Does the Integral Converge for p<0 in int[exp(px)]dx?

[dan]

Please, can anyone help me here with this problem??

Q) Determine for what values of

element p is a member of set R, int[exp(px)]dx ; where
upper lim=infinity , lower lim=0

converges and find its value in those cases?

so far:

I got the anti-derivative of the integrand is exp(px)/p.

For the integral to exist, you must have p<0, in which case the
value is -1/p.

The integrand increases without bound for p>0, and for p=0, it is constant, again leading to an unbounded result for the value.

This is where I'm lost, how do you find the value for p<0?

Can anyone verify what I have done and help me solve this problem.

Thanks for your help.

 

[HallsofIvy]

This is where I'm lost, how do you find the value for p<0?[/QUOTE}

Uhhh, didn't you just say:

For the integral to exist, you must have p<0, in which case the
value is -1/p.

?

In any case, the problem does not ask you to find the value of the integral- it only asks you to determine for what VALUES OF p the integral exists- you've already done that! (0f course, to show that your answer is correct, it is good to actually display the value: again, you've already done that!)

If I were really hard-nosed (and I AM!) I might point out that there is one error here: the anti-derivative of exp(px)= exp(px)/p only for p NOT equal to 0.

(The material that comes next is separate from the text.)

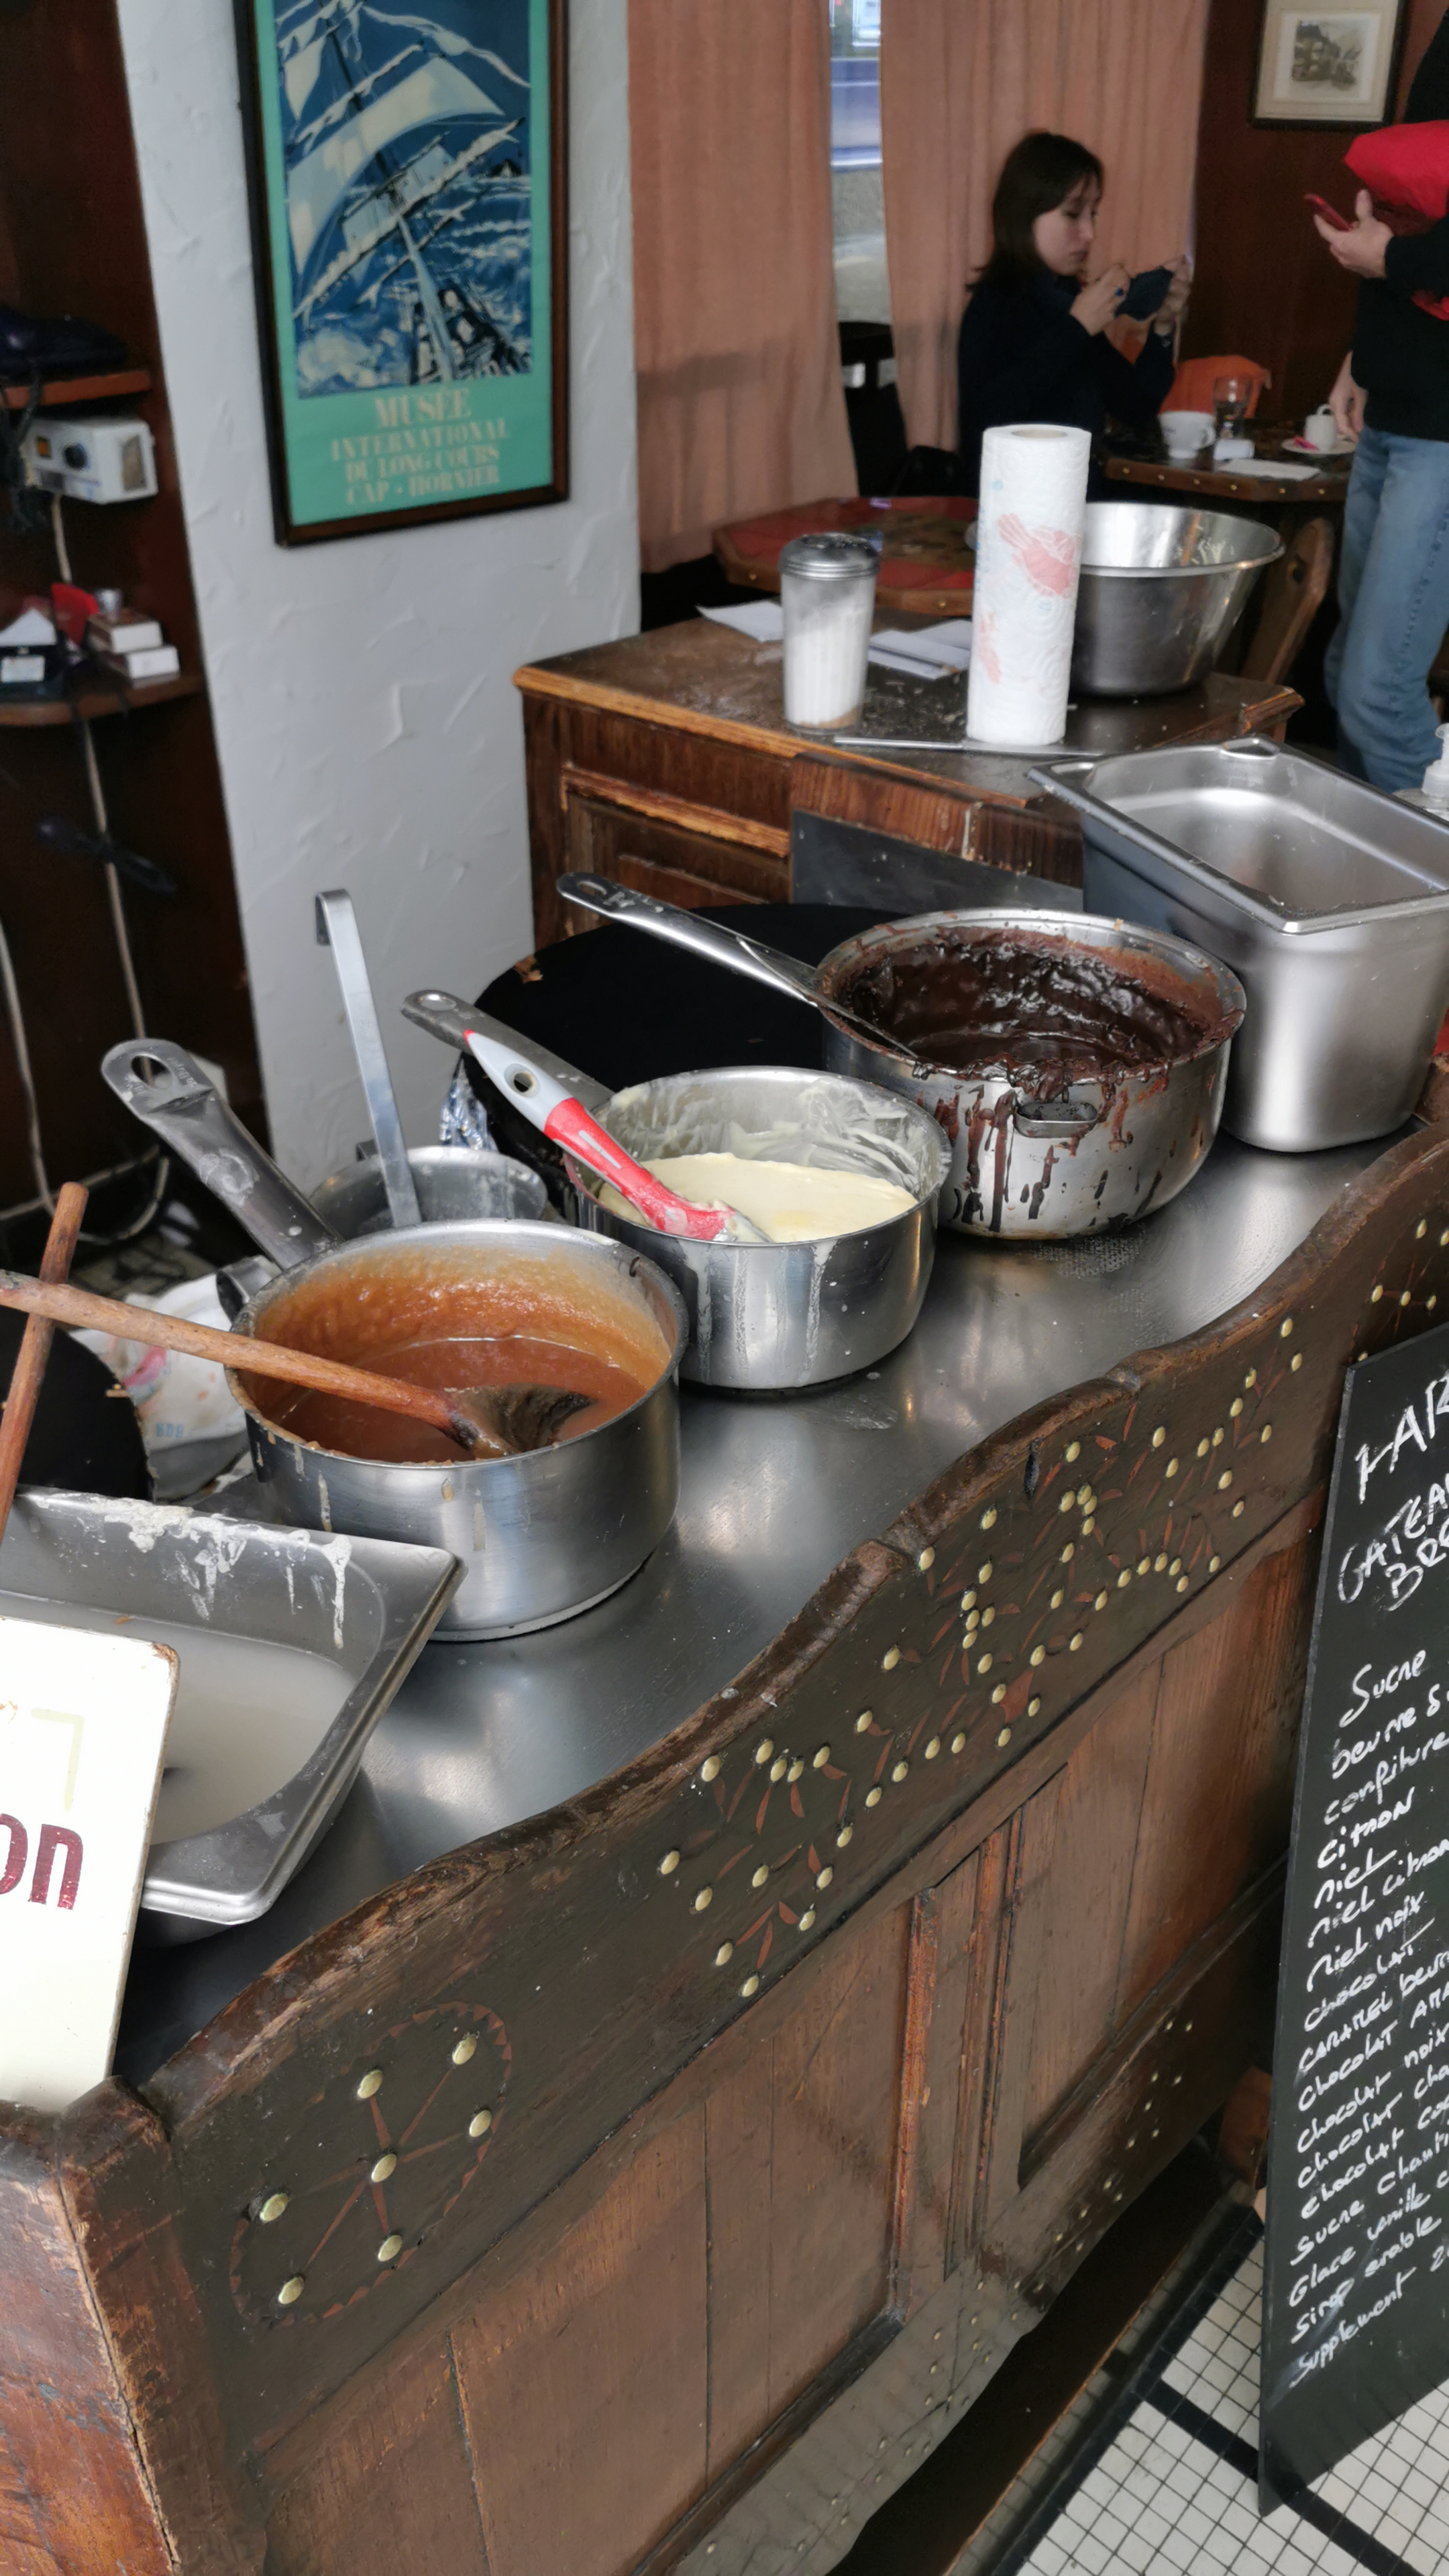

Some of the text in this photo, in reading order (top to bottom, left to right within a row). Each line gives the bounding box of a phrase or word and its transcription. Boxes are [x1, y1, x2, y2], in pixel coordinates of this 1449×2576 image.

If p= 0, what is exp(px)? What is it's anti-derivative? Can that be evaluated between 0 and infinity?

 

[M98Ranger]

To find the value for p<0, we can use the limit definition of the integral. As p approaches 0 from the negative side, the integral will approach infinity. This is because the integrand, exp(px), will approach 1 as p approaches 0, but the interval of integration is from 0 to infinity, so the area under the curve will continue to increase without bound.

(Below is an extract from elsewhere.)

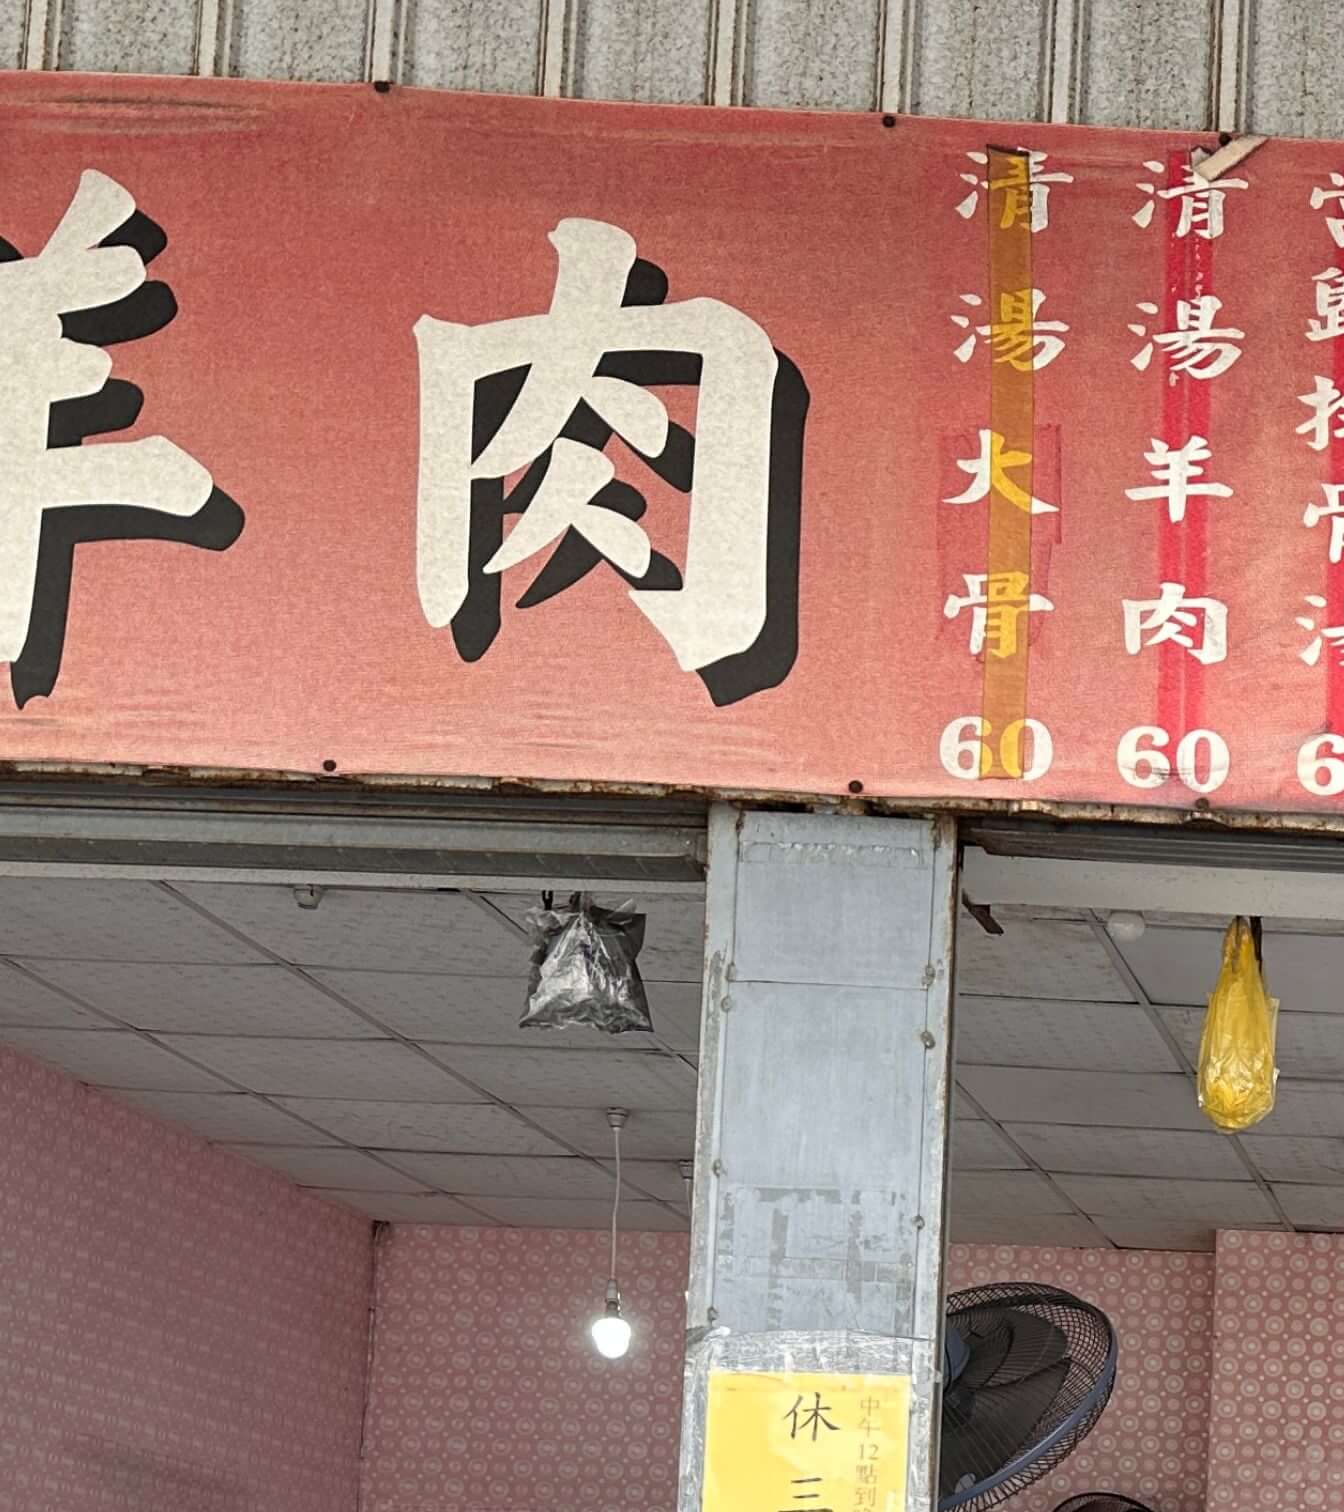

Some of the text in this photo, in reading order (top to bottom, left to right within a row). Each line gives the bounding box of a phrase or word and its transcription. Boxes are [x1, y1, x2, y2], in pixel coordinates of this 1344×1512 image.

[939, 146, 1073, 782] 清湯大骨 60
[1116, 155, 1249, 794] 清湯羊肉 60

Therefore, we can conclude that for p<0, the integral does not converge and does not have a finite value. This is because the function is increasing without bound and the interval of integration is infinite.

In summary, for the integral int[exp(px)]dx to converge, the value of p must be strictly less than 0. In those cases, the value of the integral is -1/p. For p≥0, the integral does not converge.